Cette séparation, ce tri entre Israéliens et non Israéliens a été un moment très douloureux. Car il y avait parmi nous un rescapé des camps; et celui-ci n’a pas pu s’empêcher d’interpeller Wilfried Böse, le pirate commandant l’opération, pour lui dire combien il était surpris de son attitude et que cela le ramenait plusieurs années en arrière…

L’homme l’a regardé dans les yeux et lui a dit : vous vous trompez je ne suis pas du tout nazi mais j’appartiens à la bande à Baader et j’ai décidé de lutter pour la cause palestinienne en raison des exactions qui ont été faites dans les camps de réfugiés… »

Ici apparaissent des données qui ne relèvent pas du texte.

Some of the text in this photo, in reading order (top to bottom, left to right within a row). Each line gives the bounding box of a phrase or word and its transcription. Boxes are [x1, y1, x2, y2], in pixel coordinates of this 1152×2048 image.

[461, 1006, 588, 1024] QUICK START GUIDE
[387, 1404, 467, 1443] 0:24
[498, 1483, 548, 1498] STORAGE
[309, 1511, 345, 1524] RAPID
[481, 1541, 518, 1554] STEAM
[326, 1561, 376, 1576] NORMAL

« En tous cas, a répondu l’otage, moi qui avais demandé à mes enfants et petits-enfants de tourner la page, à présent je m’en repends ».

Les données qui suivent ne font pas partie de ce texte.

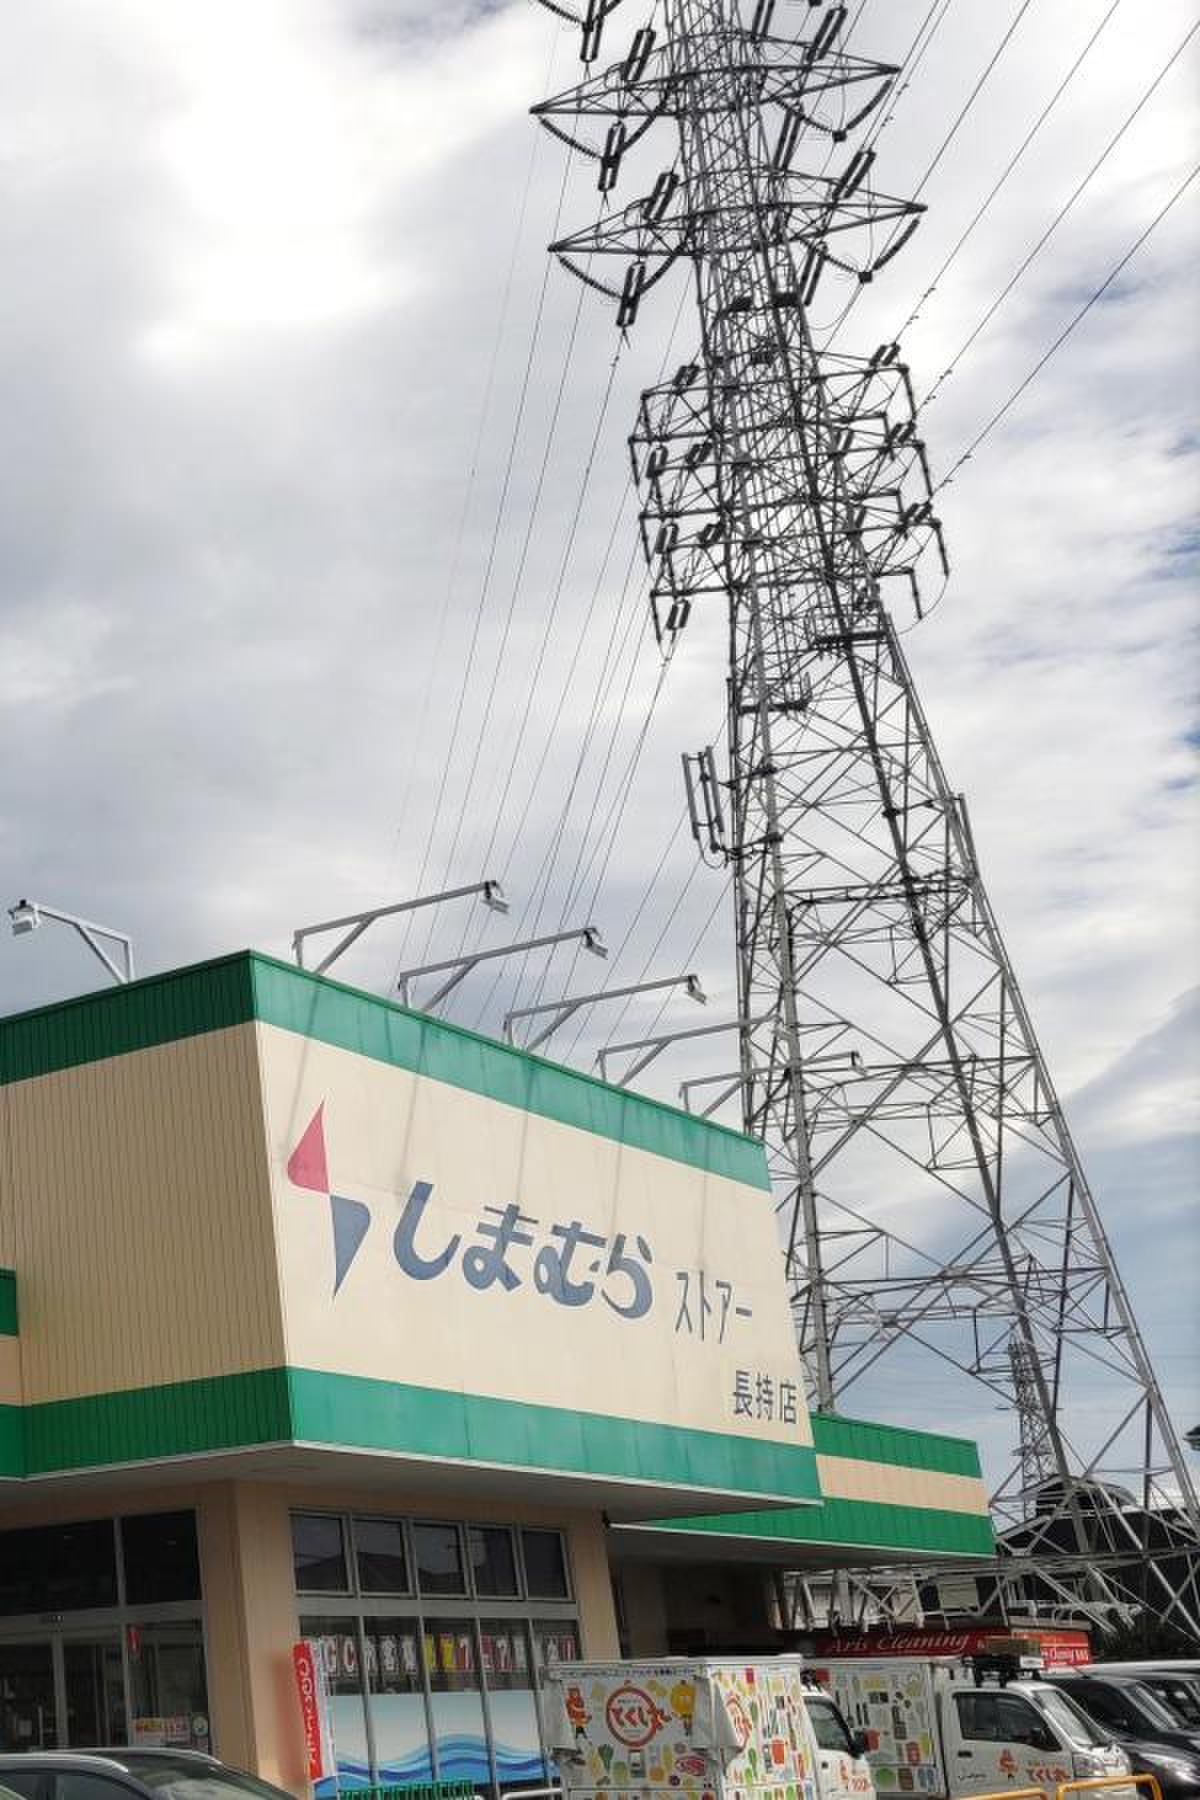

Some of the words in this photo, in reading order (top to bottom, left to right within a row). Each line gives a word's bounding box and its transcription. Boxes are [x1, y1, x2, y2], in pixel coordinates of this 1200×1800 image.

[393, 1181, 653, 1318] しまむら
[675, 1270, 753, 1344] ストアー
[733, 1369, 797, 1424] 長持店
[878, 1632, 969, 1650] Cleaning

C’est alors que Böse l’a très gentiment pris par les épaules et ils sont allés s’asseoir l’un près de l’autre pour converser un moment ensemble. Le terroriste allemand semblait perturbé. Oui j’ai vu cette très belle scène.

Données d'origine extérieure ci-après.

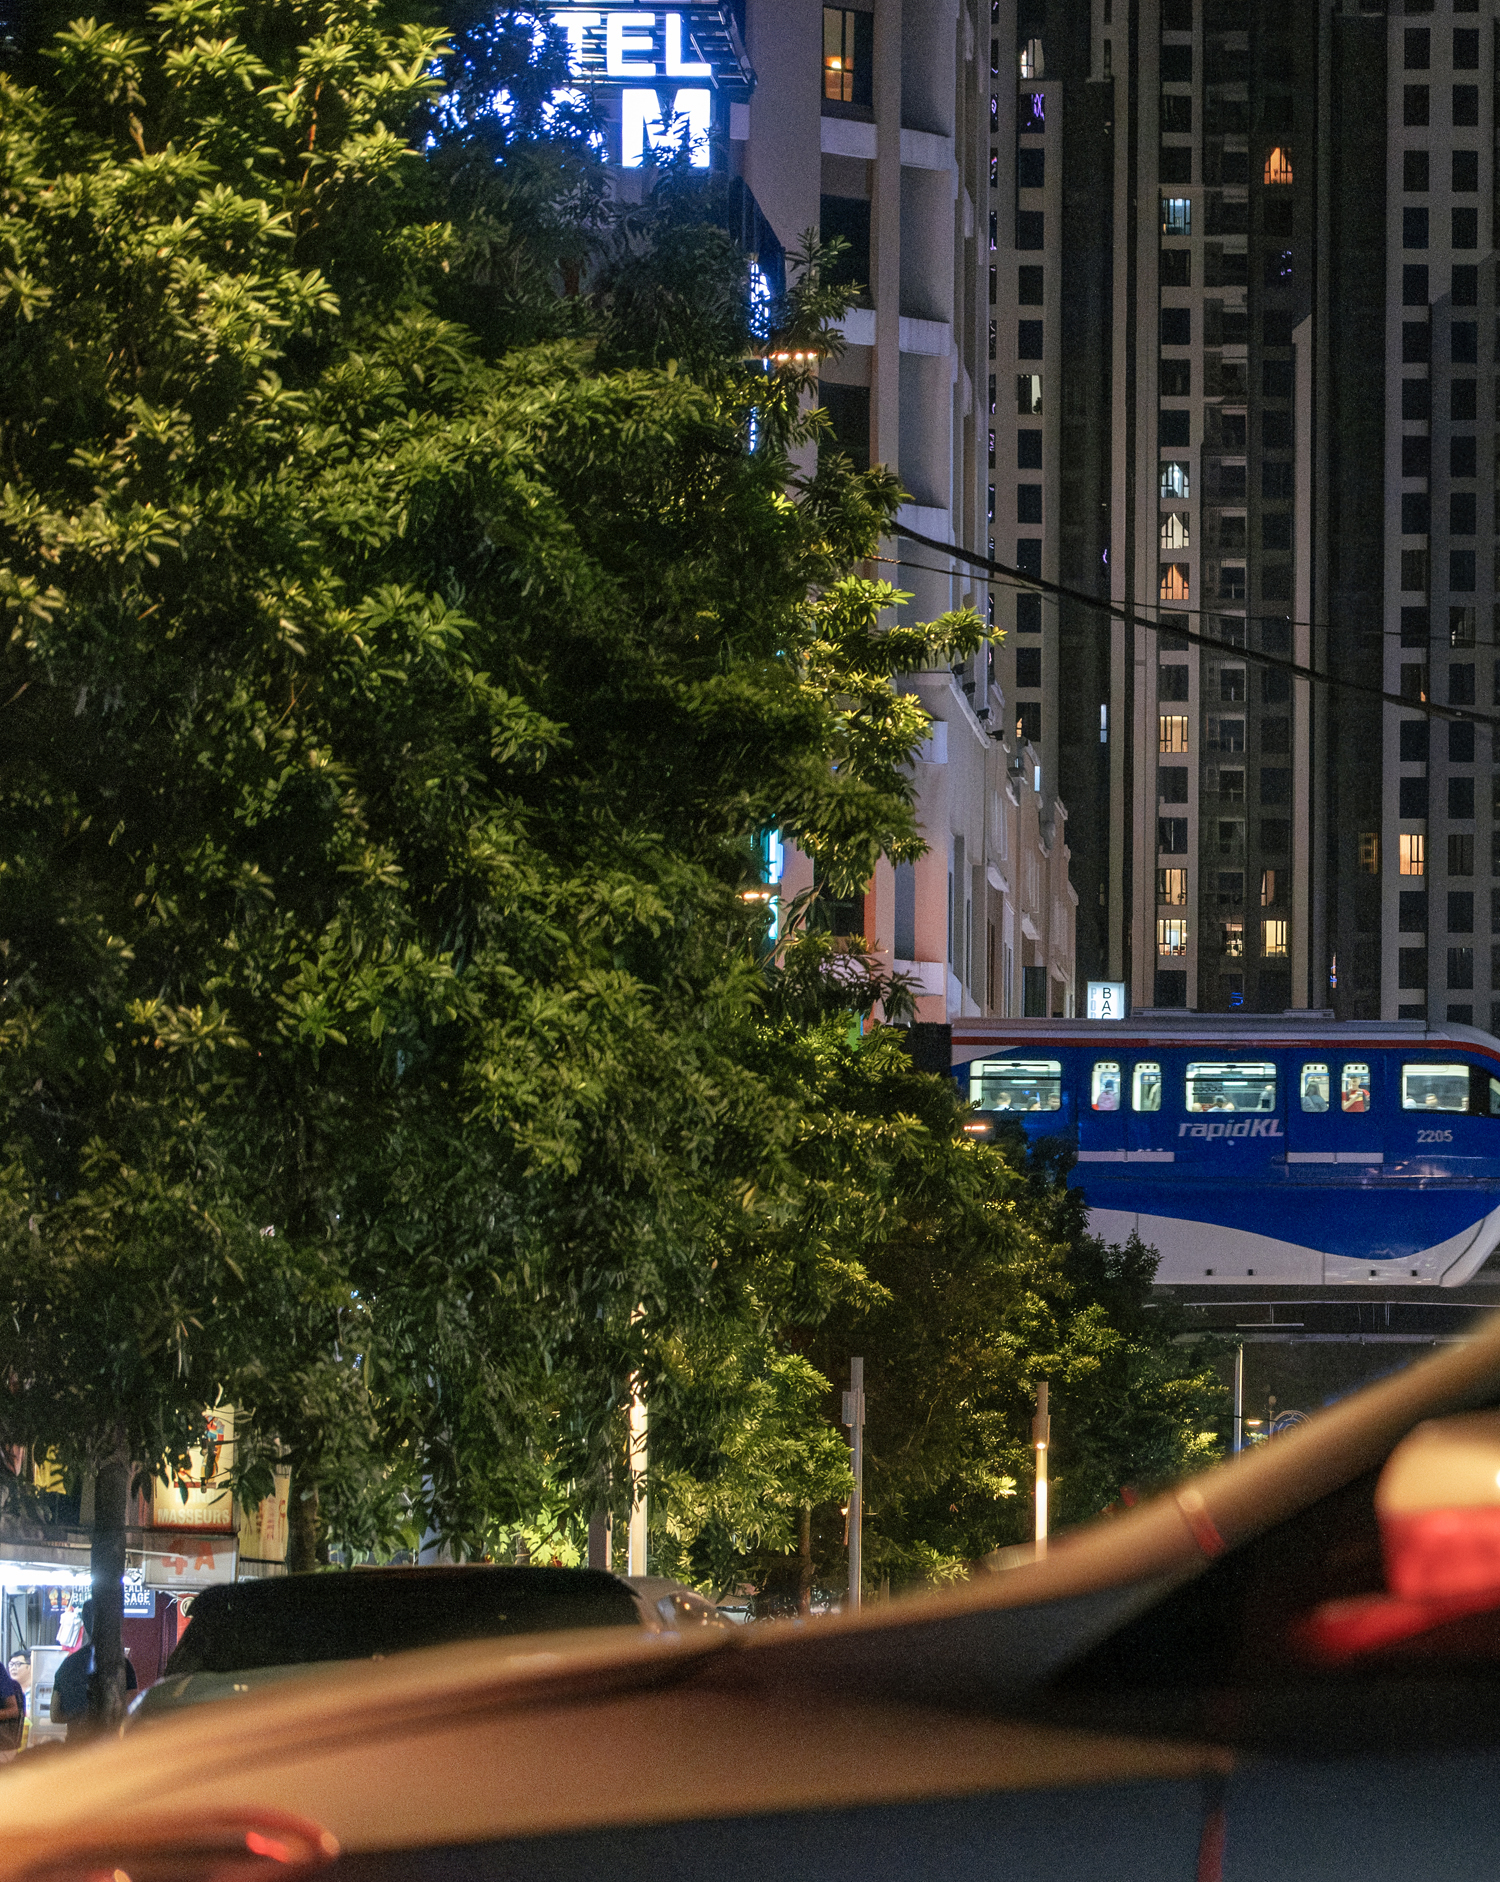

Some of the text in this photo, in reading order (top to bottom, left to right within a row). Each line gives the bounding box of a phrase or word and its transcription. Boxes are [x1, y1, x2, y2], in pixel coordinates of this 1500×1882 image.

[1178, 1118, 1284, 1141] rapidKL
[1417, 1130, 1453, 1143] 2205
[157, 1508, 230, 1525] MASSEURS

D’ailleurs lorsque les Israéliens sont arrivés sur le tarmac de l’aéroport W.Böse a vite compris ; il se trouvait à l’extérieur où il buvait un apéritif avec d’autres terroristes ; il a alors regardé ce rescapé des camps ; j’ai en effet vu leurs regards se croiser et l’homme a alors jeté sa grenade à l’extérieur au lieu de la lancer à l’intérieur. Ce fut là quelque chose d’extraordinaire. Il a été abattu immédiatement après par les Israéliens.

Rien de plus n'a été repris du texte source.